Since I love food and eating so much, I learned very early that if I were going to partake in the food I was lusting over, I really must to learn to cook and adapt the recipes of interest to fit my goals and this is no different!
The obvious thing here is the salad and the grilled shrimp, that’s easy and standard ~ the important element is the Caesar Dressing, that’s what makes it special. You may want to add the croutons or not depending on your specific fitness goals, if you do choose croutons ~ please make them yourself and keep them whole grain! You can absolutely make this dish a sanctioned meal if you want to keep it in your family’s meal plan.

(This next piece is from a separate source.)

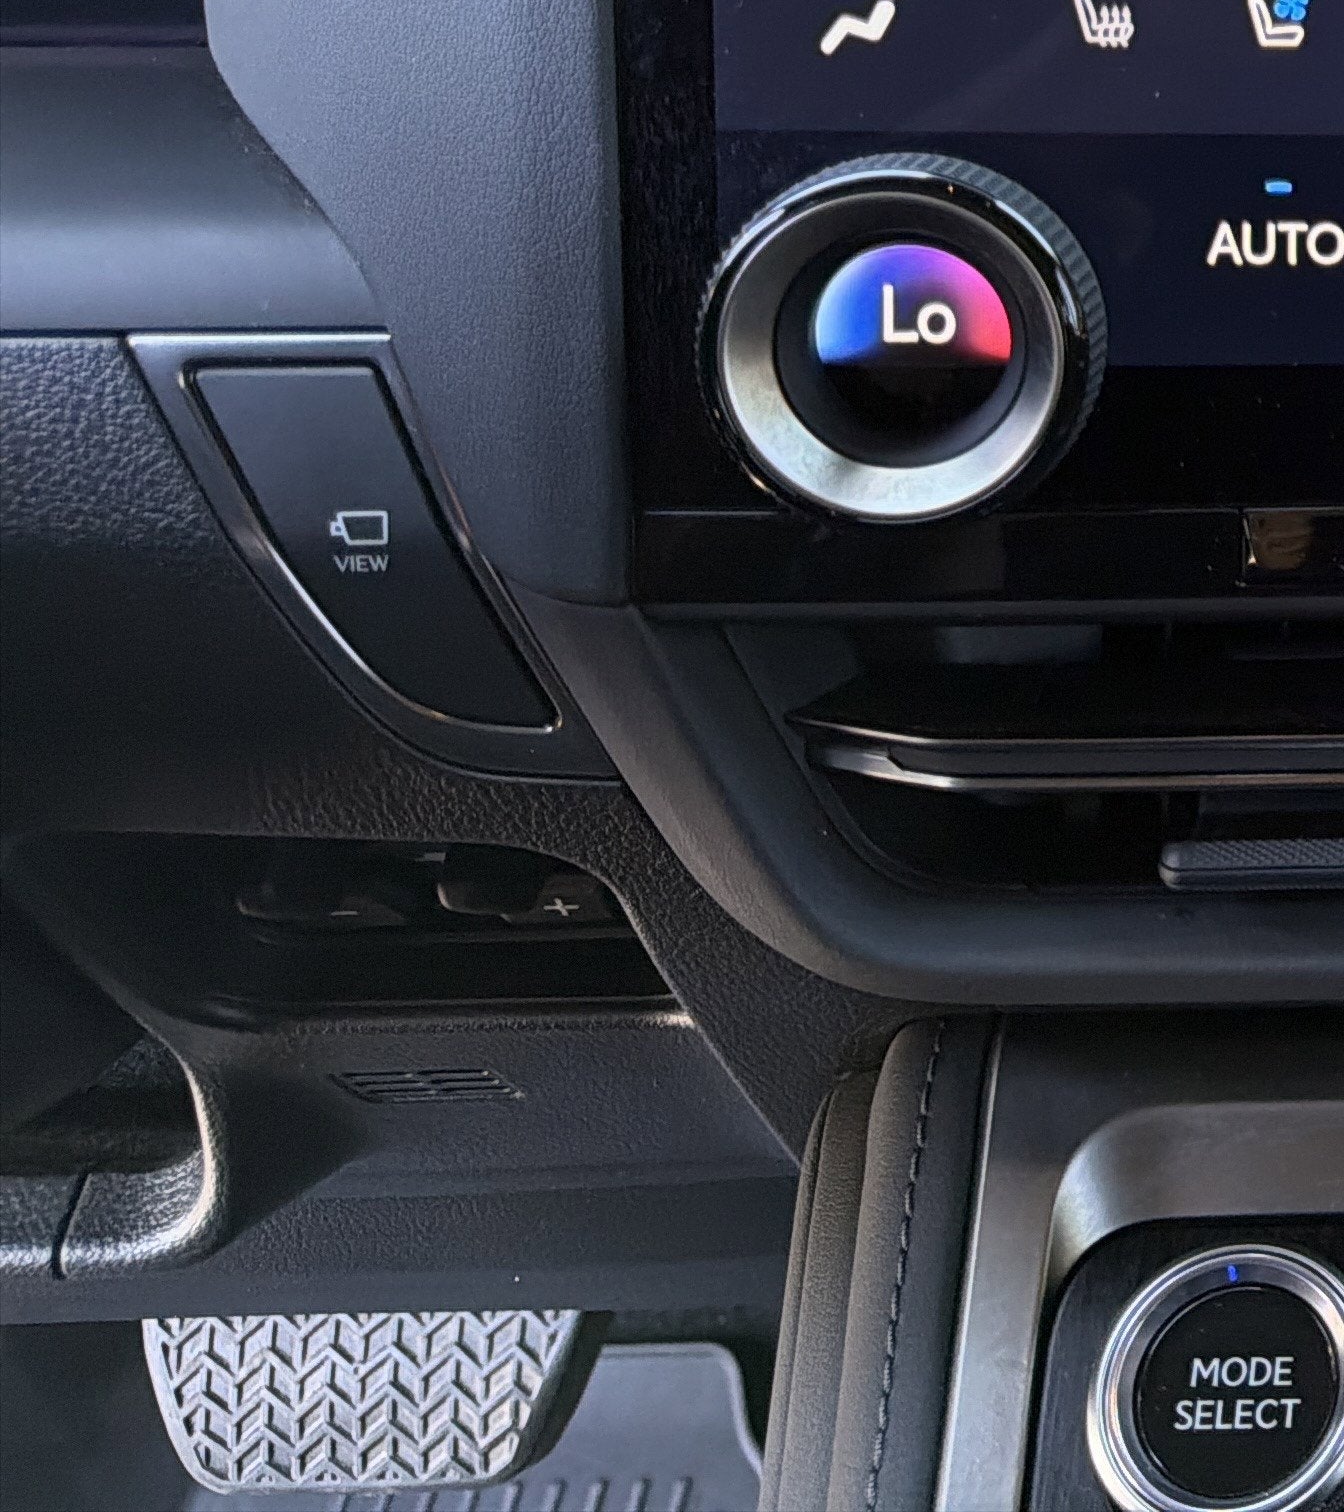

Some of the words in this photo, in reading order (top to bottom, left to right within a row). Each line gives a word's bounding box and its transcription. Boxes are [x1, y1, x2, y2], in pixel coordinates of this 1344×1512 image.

Sanctioned Caesar Dressing:
- 1/2 cup grated Parmigiano Reggiano
- 1/4 cup fresh lemon juice
- 1-2 small garlic cloves – depending on your taste
- 1 tbsp Dijon mustard
- 2 anchovy fillets
- 1/4 cup extra virgin olive oil
- 1/2 cup fat free Greek style yogurt
- s/p to taste
In the bowl of a food processor add the cheese, the lemon juice, garlic clove(s), mustard, anchovies and yogurt.
Turn the machine on and mix to combine well.
Add the oil in a slow stream while the processor is running to emulsify
Taste and adjust the seasoning to suit your family and enjoy!